A system needed to be transferred in a hurry. The only way to extract data from that system was via csv files. The data was dirty meaning fields were not consistent across different export files (extra space and unprintable characters in id fields, additional information in text fields, date incongruities, etc.) .

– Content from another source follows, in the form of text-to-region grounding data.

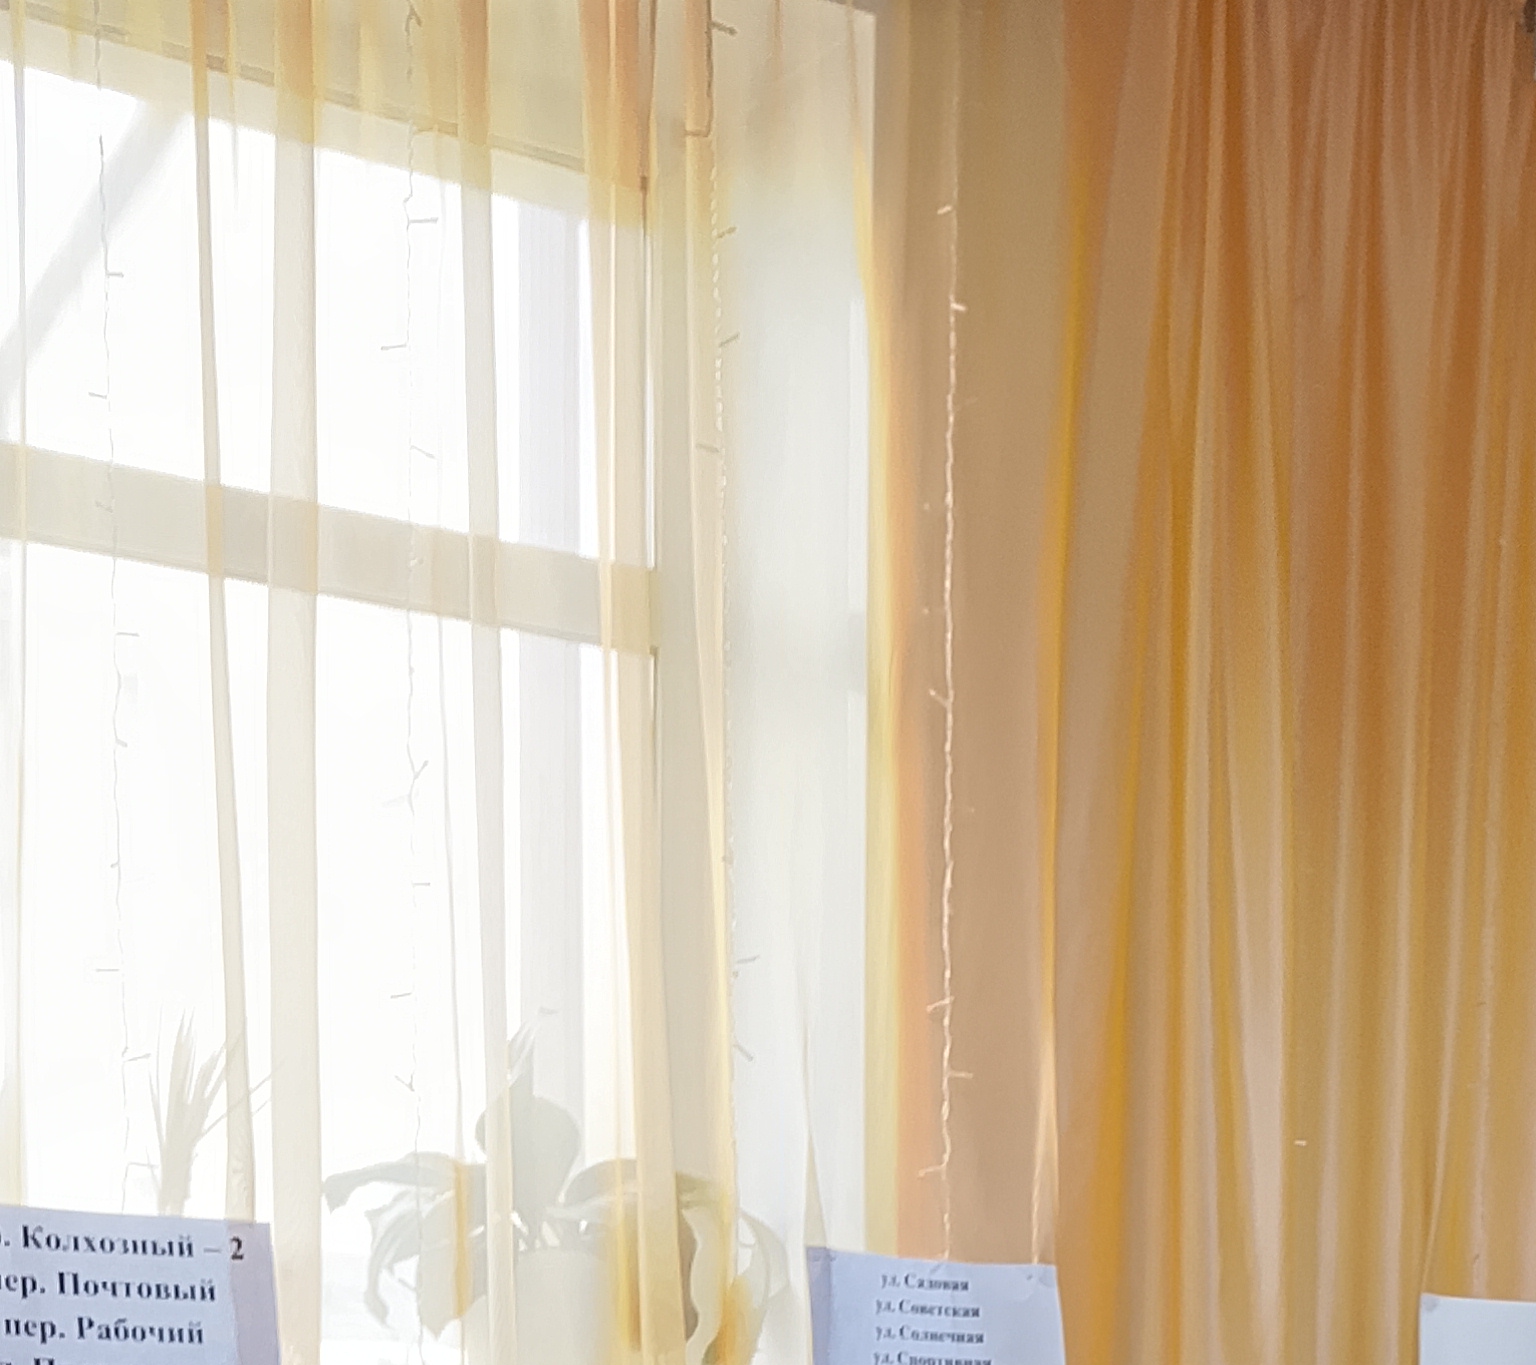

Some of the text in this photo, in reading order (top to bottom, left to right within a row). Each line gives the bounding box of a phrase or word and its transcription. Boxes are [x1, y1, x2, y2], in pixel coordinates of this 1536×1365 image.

[22, 1224, 194, 1258] Колхозный
[229, 1236, 245, 1260] 2
[0, 1271, 216, 1302] ер. Почтовый
[880, 1272, 969, 1292] ул. Садовая
[875, 1298, 980, 1319] ул. Советская
[4, 1316, 203, 1345] пер. Рабочий
[875, 1324, 984, 1345] ул. Солнечная

The software used here is:

  • Excel
  • Visual Studio 2017 SSDT

The first step was to save the csv files as excel macro enabled worksheets so I could do some basic formatting within the excel files. Then I enabled the developer tab. I used the default macro to write some code to do the basic formatting. I chose to do this formatting within the excel file rather than in SSIS because it just seemed simpler. I explored ways to do this via SSIS but the benefit cost analysis deemed just getting it done more viable. As any programmer knows the smallest tasks can turn into some deep rabbit holes.

Here is an example of one macro for one excel file.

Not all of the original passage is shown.